Data extracted from a collection:
•••••

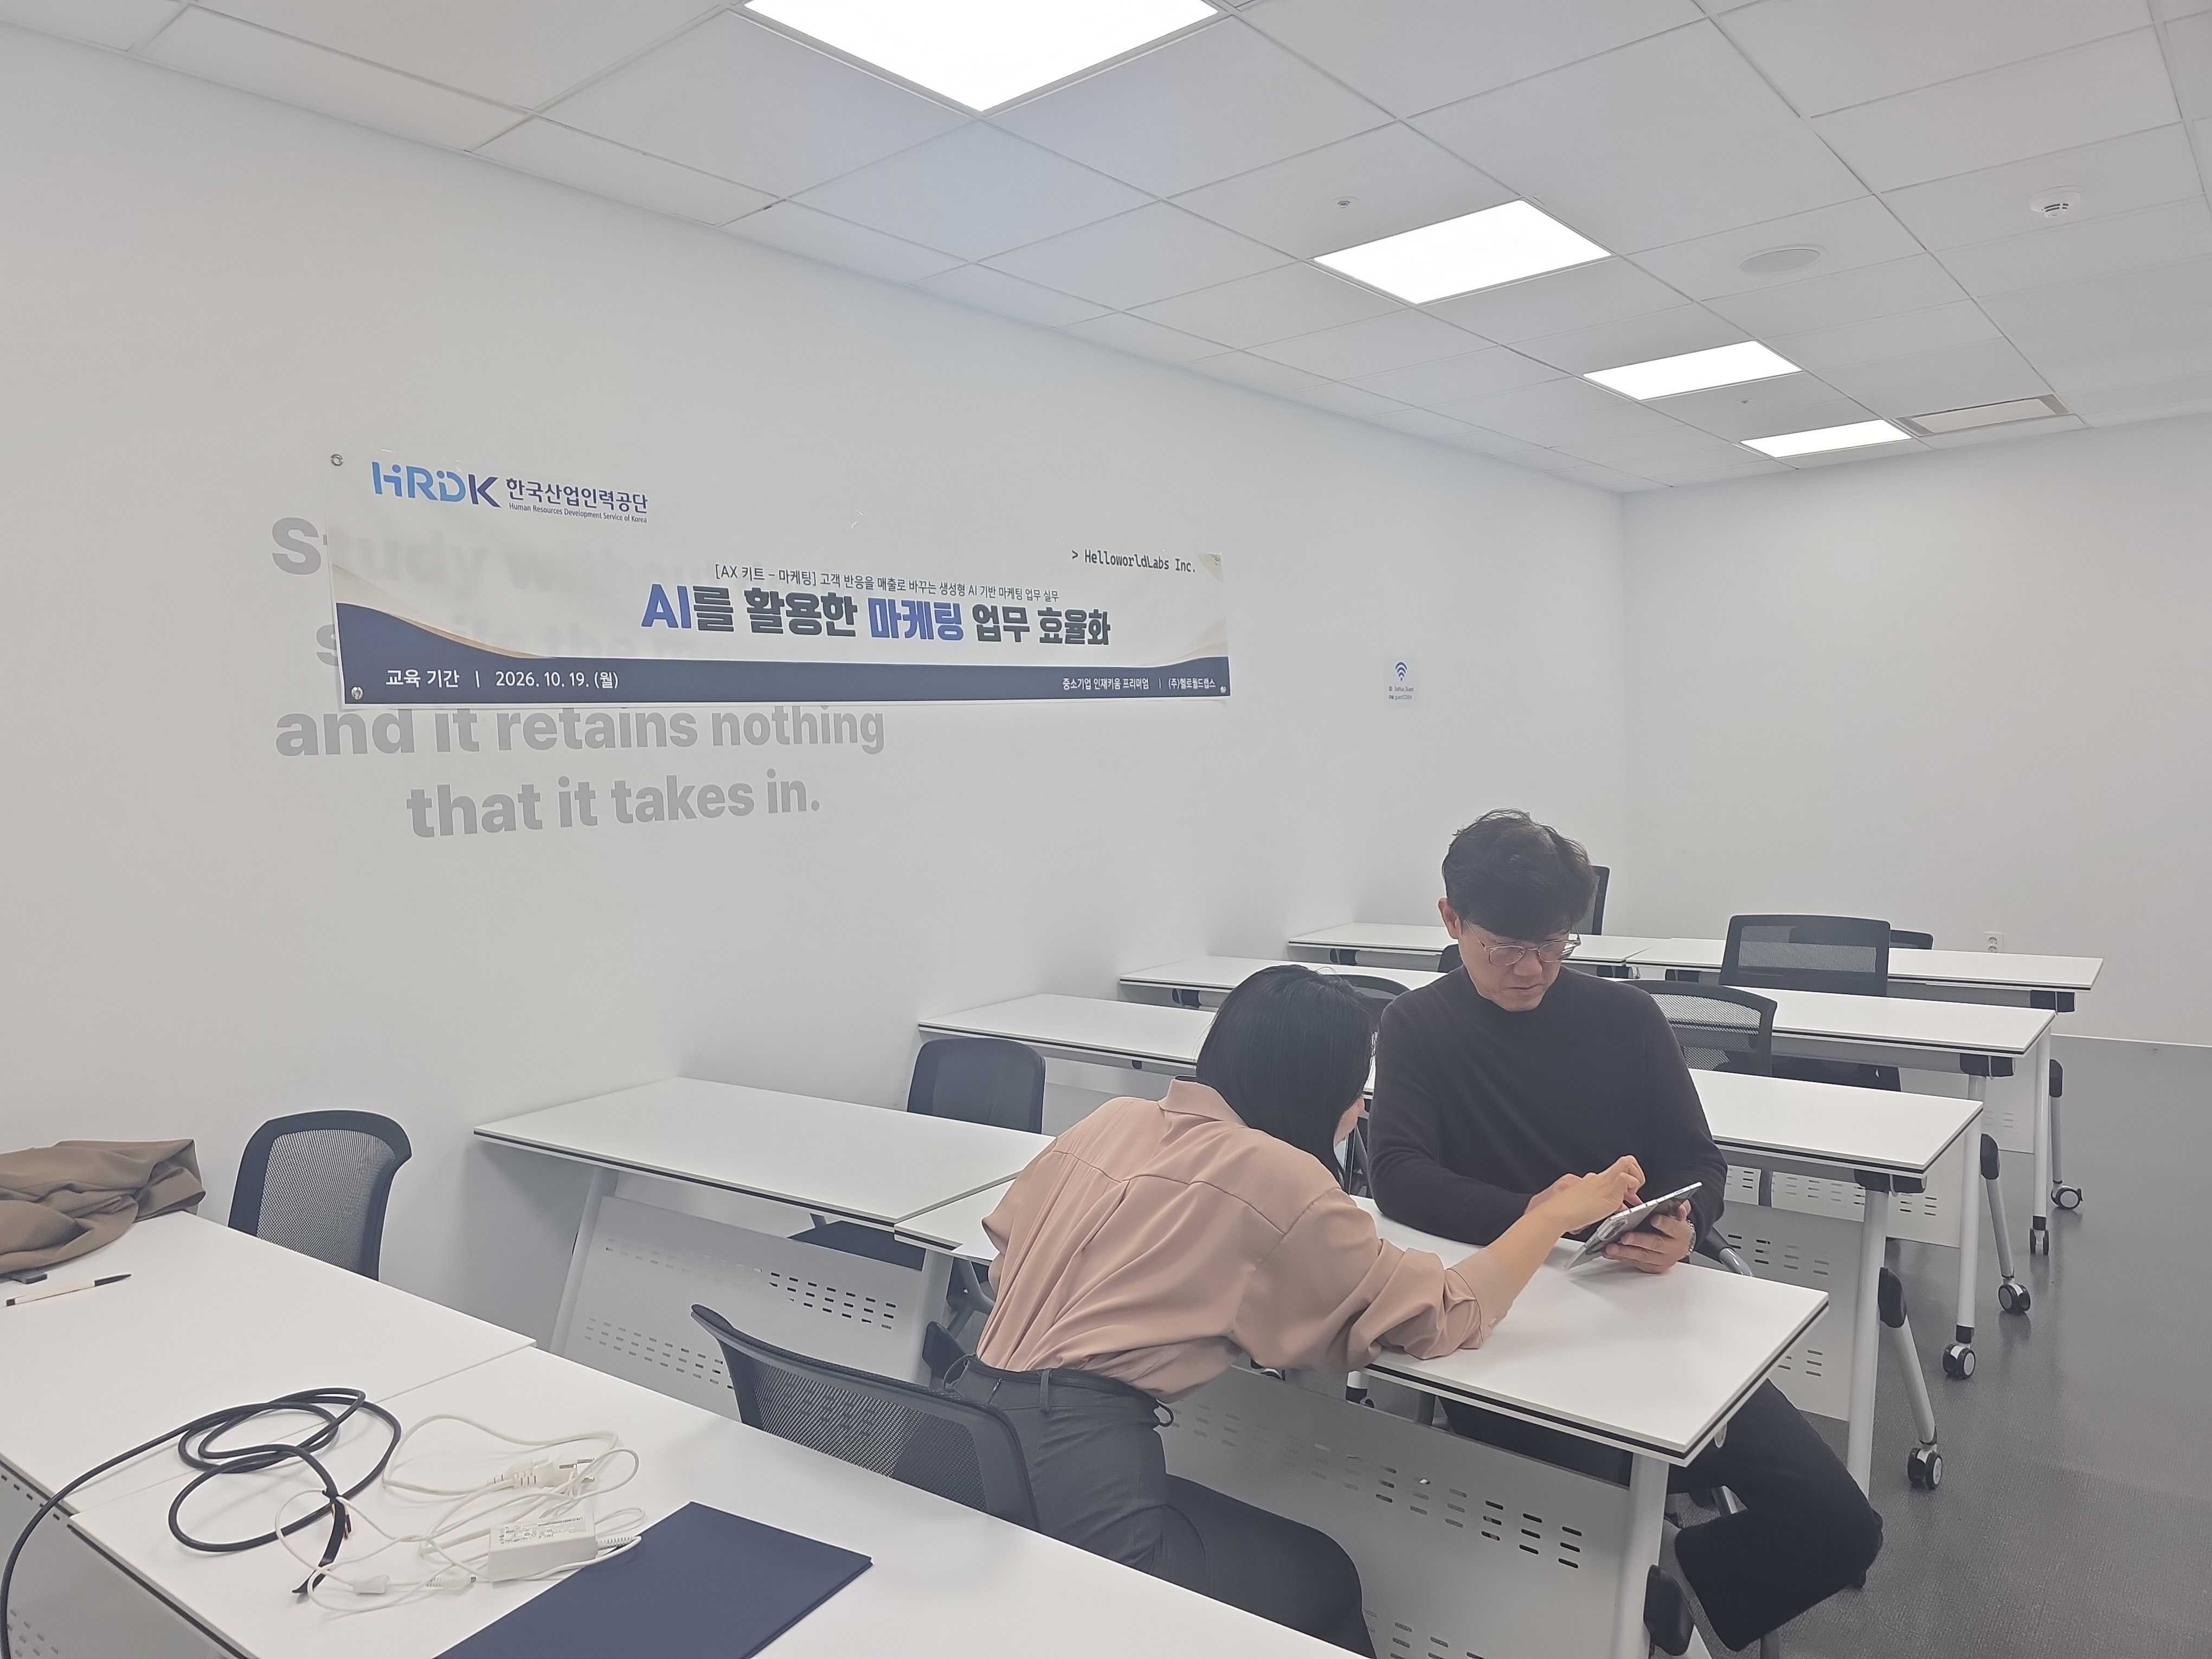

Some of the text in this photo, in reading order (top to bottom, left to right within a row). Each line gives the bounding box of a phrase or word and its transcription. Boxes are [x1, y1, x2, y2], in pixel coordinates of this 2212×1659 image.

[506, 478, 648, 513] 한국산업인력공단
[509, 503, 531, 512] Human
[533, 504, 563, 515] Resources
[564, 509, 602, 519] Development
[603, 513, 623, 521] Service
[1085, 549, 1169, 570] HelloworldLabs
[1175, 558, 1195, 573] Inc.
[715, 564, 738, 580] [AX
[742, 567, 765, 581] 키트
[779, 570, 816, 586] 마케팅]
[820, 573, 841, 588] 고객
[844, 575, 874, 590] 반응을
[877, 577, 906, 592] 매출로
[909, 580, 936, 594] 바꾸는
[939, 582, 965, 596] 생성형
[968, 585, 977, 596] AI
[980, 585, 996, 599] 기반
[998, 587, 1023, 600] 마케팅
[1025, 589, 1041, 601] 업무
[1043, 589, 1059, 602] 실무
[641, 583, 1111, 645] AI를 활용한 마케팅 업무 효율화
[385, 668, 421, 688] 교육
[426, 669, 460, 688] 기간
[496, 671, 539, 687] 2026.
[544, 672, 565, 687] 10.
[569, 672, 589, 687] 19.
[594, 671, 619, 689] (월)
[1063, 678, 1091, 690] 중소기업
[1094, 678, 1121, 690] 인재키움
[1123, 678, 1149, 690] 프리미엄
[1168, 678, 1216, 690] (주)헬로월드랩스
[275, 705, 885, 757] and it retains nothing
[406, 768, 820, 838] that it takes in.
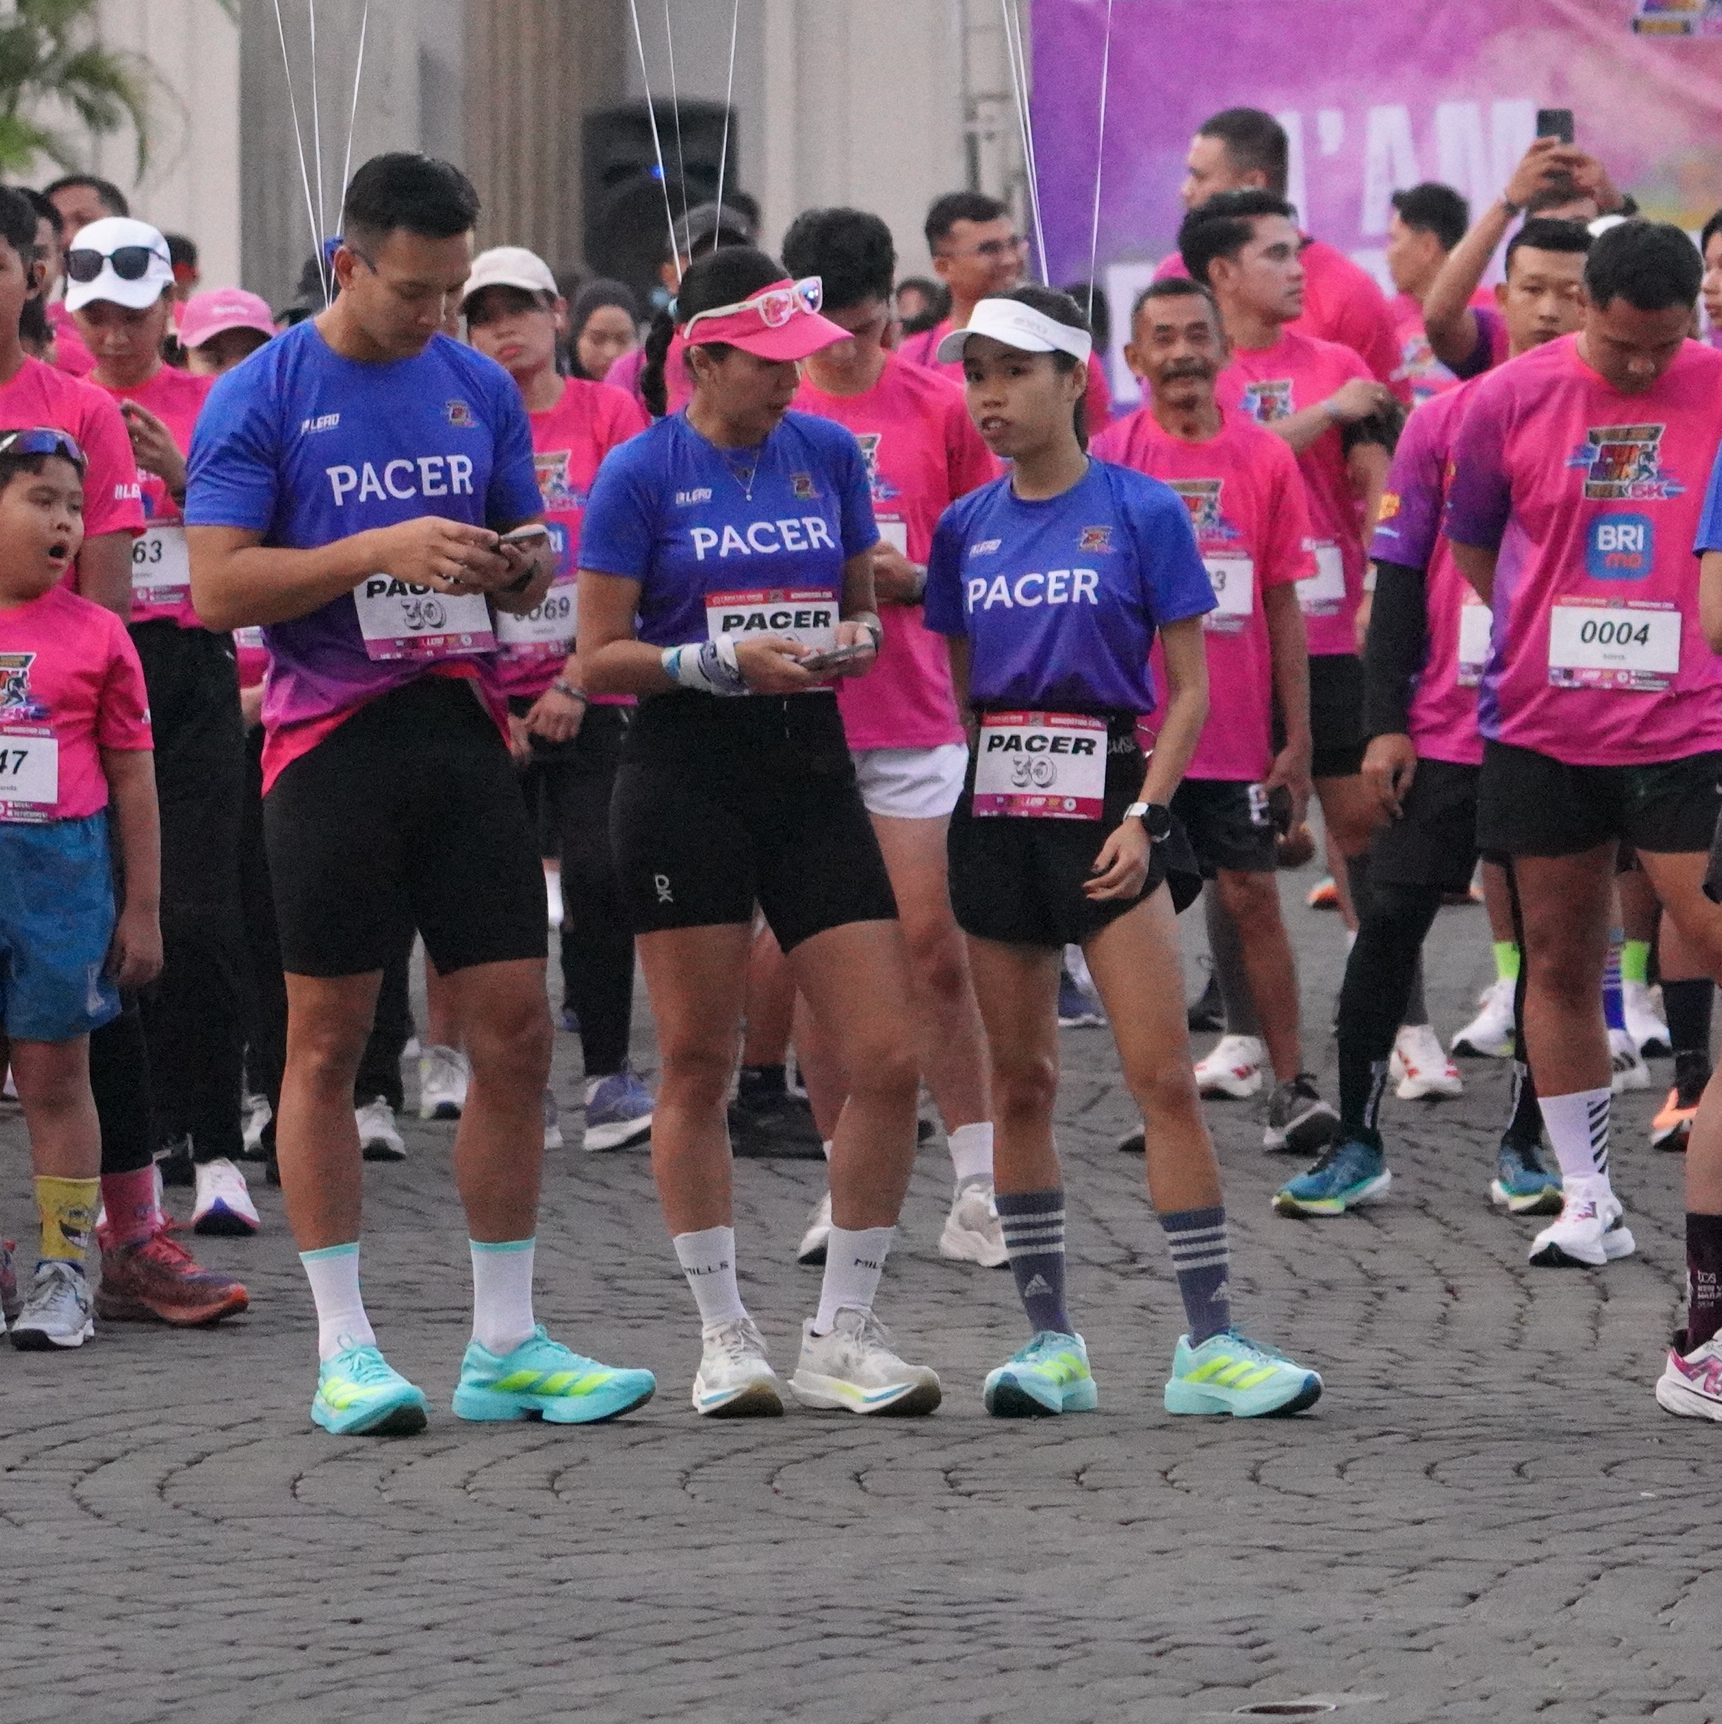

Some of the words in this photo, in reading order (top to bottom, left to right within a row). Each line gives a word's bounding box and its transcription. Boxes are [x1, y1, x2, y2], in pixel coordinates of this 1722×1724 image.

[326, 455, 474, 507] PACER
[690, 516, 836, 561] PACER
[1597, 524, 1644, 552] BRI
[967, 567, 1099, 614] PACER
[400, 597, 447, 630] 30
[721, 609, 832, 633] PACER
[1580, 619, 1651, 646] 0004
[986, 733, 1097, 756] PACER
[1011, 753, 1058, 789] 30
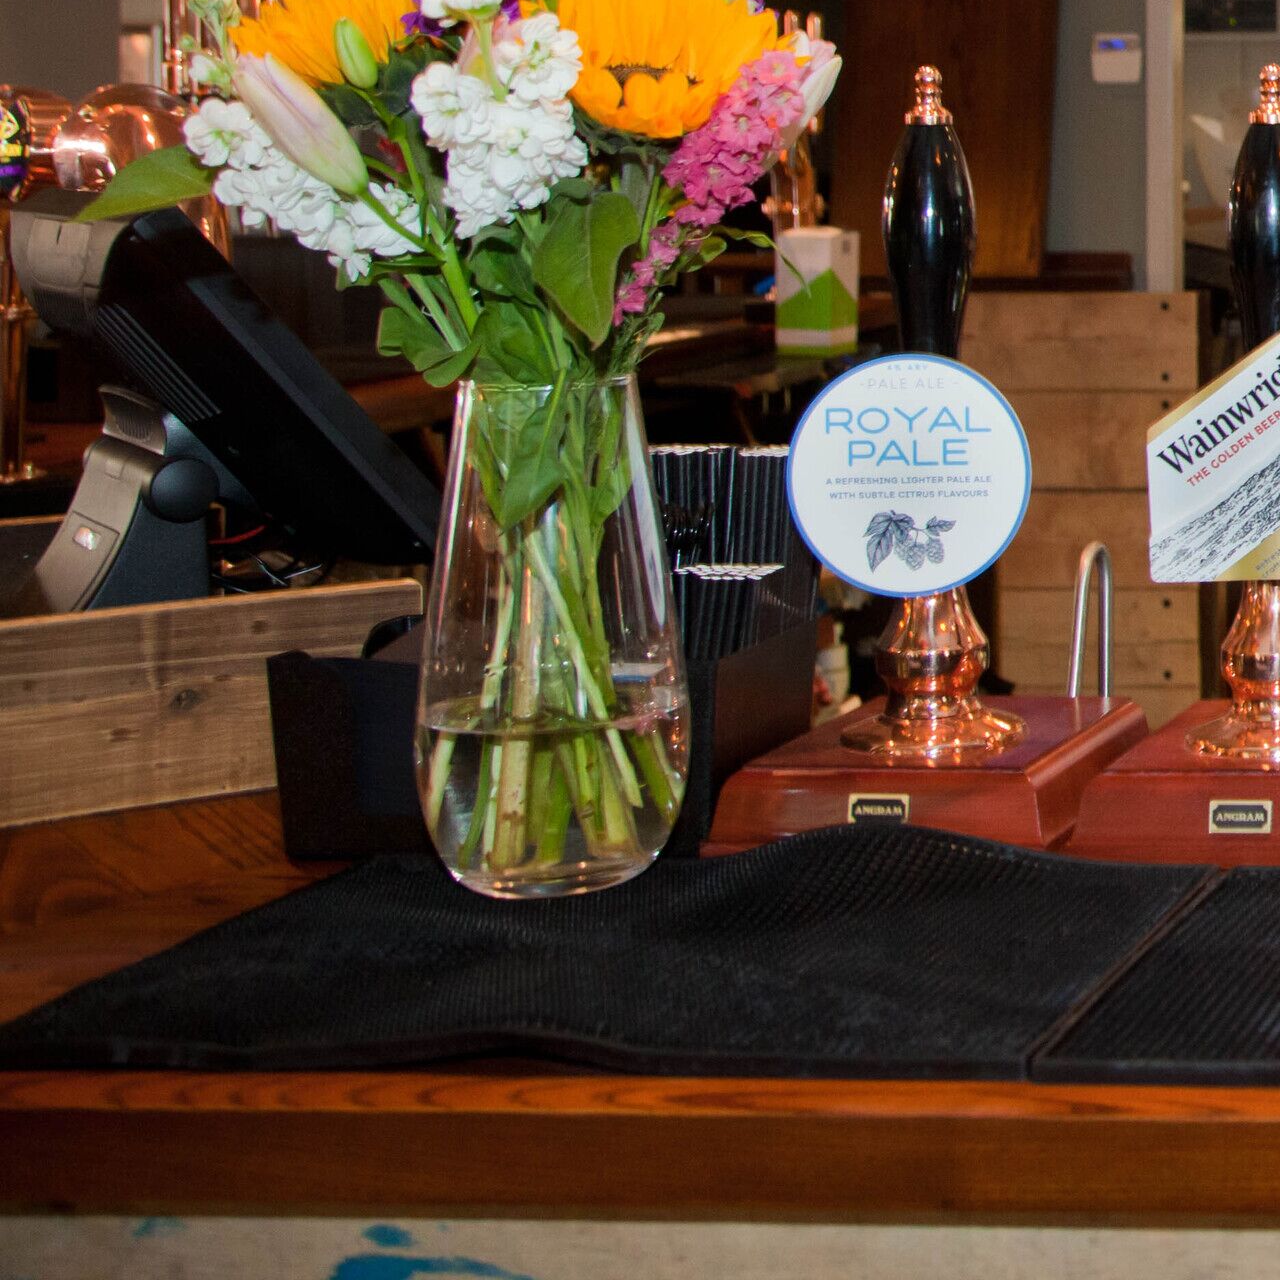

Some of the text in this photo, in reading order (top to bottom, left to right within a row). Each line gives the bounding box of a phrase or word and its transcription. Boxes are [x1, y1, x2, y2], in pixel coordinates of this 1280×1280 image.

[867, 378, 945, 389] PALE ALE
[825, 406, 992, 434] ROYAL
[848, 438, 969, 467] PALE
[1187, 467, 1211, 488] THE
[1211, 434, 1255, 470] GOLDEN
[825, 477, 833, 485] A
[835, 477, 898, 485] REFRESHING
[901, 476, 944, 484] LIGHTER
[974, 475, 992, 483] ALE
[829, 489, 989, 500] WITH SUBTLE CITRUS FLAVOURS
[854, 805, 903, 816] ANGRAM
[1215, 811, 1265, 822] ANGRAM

•••••

▶ What is expected:
The task calls for every record to be transcribed exactly, with no images included.

▶ Answer to this problem:
Some of the text in this photo, in reading order (top to bottom, left to right within a row). Each line gives the bounding box of a phrase or word and its transcription. Boxes are [x1, y1, x2, y2], in pixel coordinates of this 2212×1659 image.

[506, 478, 648, 513] 한국산업인력공단
[509, 503, 531, 512] Human
[533, 504, 563, 515] Resources
[564, 509, 602, 519] Development
[603, 513, 623, 521] Service
[1085, 549, 1169, 570] HelloworldLabs
[1175, 558, 1195, 573] Inc.
[715, 564, 738, 580] [AX
[742, 567, 765, 581] 키트
[779, 570, 816, 586] 마케팅]
[820, 573, 841, 588] 고객
[844, 575, 874, 590] 반응을
[877, 577, 906, 592] 매출로
[909, 580, 936, 594] 바꾸는
[939, 582, 965, 596] 생성형
[968, 585, 977, 596] AI
[980, 585, 996, 599] 기반
[998, 587, 1023, 600] 마케팅
[1025, 589, 1041, 601] 업무
[1043, 589, 1059, 602] 실무
[641, 583, 1111, 645] AI를 활용한 마케팅 업무 효율화
[385, 668, 421, 688] 교육
[426, 669, 460, 688] 기간
[496, 671, 539, 687] 2026.
[544, 672, 565, 687] 10.
[569, 672, 589, 687] 19.
[594, 671, 619, 689] (월)
[1063, 678, 1091, 690] 중소기업
[1094, 678, 1121, 690] 인재키움
[1123, 678, 1149, 690] 프리미엄
[1168, 678, 1216, 690] (주)헬로월드랩스
[275, 705, 885, 757] and it retains nothing
[406, 768, 820, 838] that it takes in.

Some of the words in this photo, in reading order (top to bottom, left to right within a row). Each line gives a word's bounding box and its transcription. Boxes are [x1, y1, x2, y2], in pixel coordinates of this 1722×1724 image.

[326, 455, 474, 507] PACER
[690, 516, 836, 561] PACER
[1597, 524, 1644, 552] BRI
[967, 567, 1099, 614] PACER
[400, 597, 447, 630] 30
[721, 609, 832, 633] PACER
[1580, 619, 1651, 646] 0004
[986, 733, 1097, 756] PACER
[1011, 753, 1058, 789] 30

Some of the text in this photo, in reading order (top to bottom, left to right within a row). Each line gives the bounding box of a phrase or word and its transcription. Boxes are [x1, y1, x2, y2], in pixel coordinates of this 1280×1280 image.

[867, 378, 945, 389] PALE ALE
[825, 406, 992, 434] ROYAL
[848, 438, 969, 467] PALE
[1187, 467, 1211, 488] THE
[1211, 434, 1255, 470] GOLDEN
[825, 477, 833, 485] A
[835, 477, 898, 485] REFRESHING
[901, 476, 944, 484] LIGHTER
[974, 475, 992, 483] ALE
[829, 489, 989, 500] WITH SUBTLE CITRUS FLAVOURS
[854, 805, 903, 816] ANGRAM
[1215, 811, 1265, 822] ANGRAM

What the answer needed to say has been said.